Emploi et chômage : une fracture persistante
La population active a atteint 4,26 millions de personnes au T2-2025, en hausse de 26,5 mille par rapport au trimestre précédent. Pourtant, le taux d’activité a reculé à 46,2 % contre 46,4 % au premier trimestre de l’année. Les créations d’emplois d’environ 40 100 au deuxième trimestre 2025 n’ont pas suffi à corriger les déséquilibres. On relève un chômage global de 15,3 %, en léger recul par rapport aux 15,7 % de 2025.
«Le chômage des diplômés illustre l’échec des politiques de l’emploi.»
Le chômage des jeunes (15–24 ans) est passé à 36,8 %, contre 37,7 % au 1er trimestre 2025. Celui des diplômés de 24 % est en hausse par rapport au premier trimestre où il était de 23,5 %, dont 31,3 % chez les femmes. Un constat s’impose : malgré la création d’emplois, l’économie tunisienne n’absorbe pas les diplômés, en particulier les femmes. Cet état de choses illustre l’échec des politiques de l’emploi dans un pays où les cursus universitaires ne prennent pas en compte l’évolution du marché du travail et les exigences des nouvelles économies et en prime celles dont les liens avec les technologies de pointe sont étroits.
Finances publiques : entre contraintes et vulnérabilités
Les comptes publics affichent un apaisement de façade. Au T1-2025, le budget a enregistré un excédent ponctuel de 409 MDT (0,2 % du PIB), une tendance fragile qui n’est pas illustrée par des fondamentaux économique solides.
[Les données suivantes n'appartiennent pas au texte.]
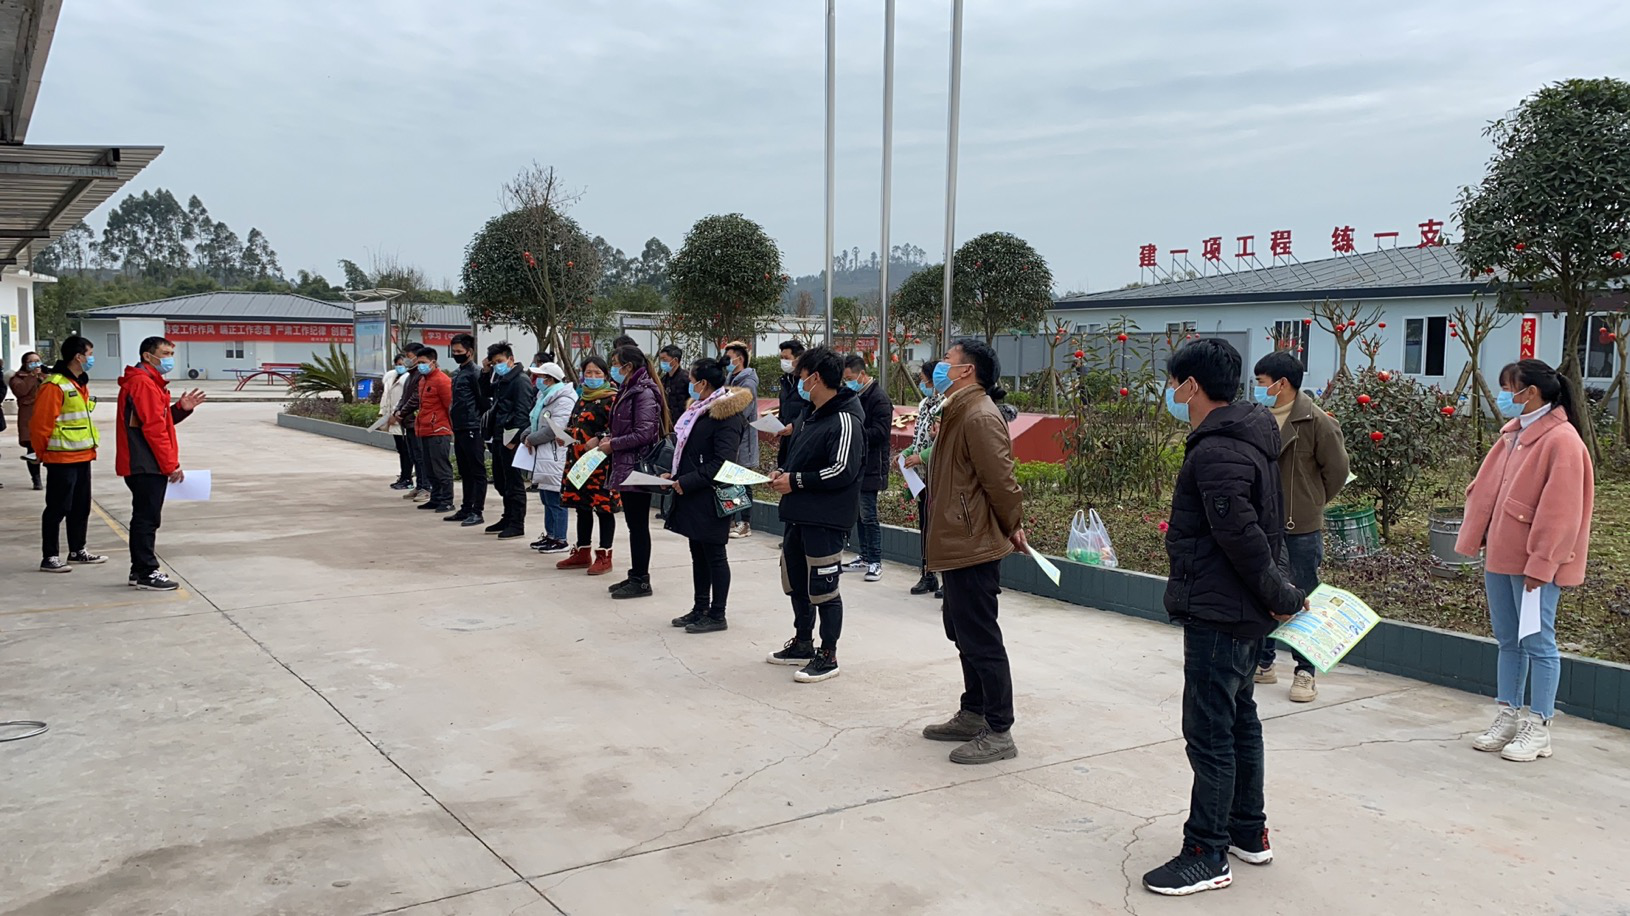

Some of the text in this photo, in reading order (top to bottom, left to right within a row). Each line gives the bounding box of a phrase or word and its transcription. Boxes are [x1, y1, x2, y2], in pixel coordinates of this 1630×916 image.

La dette publique s’élève à 127,8 Mds TND, soit près de 80 % du PIB, dont la moitié en devise avec un service de la dette de plus en plus lourd : 11,57 Mds TND, dont 8,3 Mds pour le remboursement du principal.
Les agences de notation maintiennent une appréciation sévère : Moody’s note la Tunisie Caa1 et Fitch CCC+, reflétant un risque de financement élevé
L’environnement externe : un risque permanent
Les prix mondiaux des matières premières demeurent volatils. Le blé est tombé à 217 $/tonne en juin 2025, grâce à des récoltes abondantes en Amérique du Nord et en Europe. À l’inverse, le pétrole Brent oscille autour de 70–71 $/baril fin juillet, sous l’effet combiné des décisions de l’OPEP+, des tensions géopolitiques au Moyen-Orient et des craintes de récession. La Tunisie, importatrice nette d’énergie et de céréales, reste très vulnérable à ces fluctuations, d’autant plus que la récolte céréalière de cette année n’est pas aussi exceptionnelle qu’on le prédisait.
« Le salut ne viendra pas des promesses d’emplois publics mais d’une refonte du climat des affaires. »
Prévisions des institutions internationales
Au mois de mai 2025, la Banque mondiale prédisait une croissance à 1,9 % en 2025 contre 1,4 % en 2024 avec une inflation en recul. Le rapport soulignait le potentiel de la Tunisie comme hub logistique régional, susceptible de générer jusqu’à 14 % du PIB additionnel si les réformes portuaires sont menées. Au mois d’avril 2025, le FMI, pour sa part, donnait des appréciations plus prudentes estimant une croissance de 1,4 % seulement en 2025. L’institution alerte sur la dépendance au financement extérieur et les déséquilibres persistants.
Que faire ?
Dépasser les « mesurettes » et les grandes annonces et oser des politiques économiques réalistes loin du populisme et des déclarations d’intention !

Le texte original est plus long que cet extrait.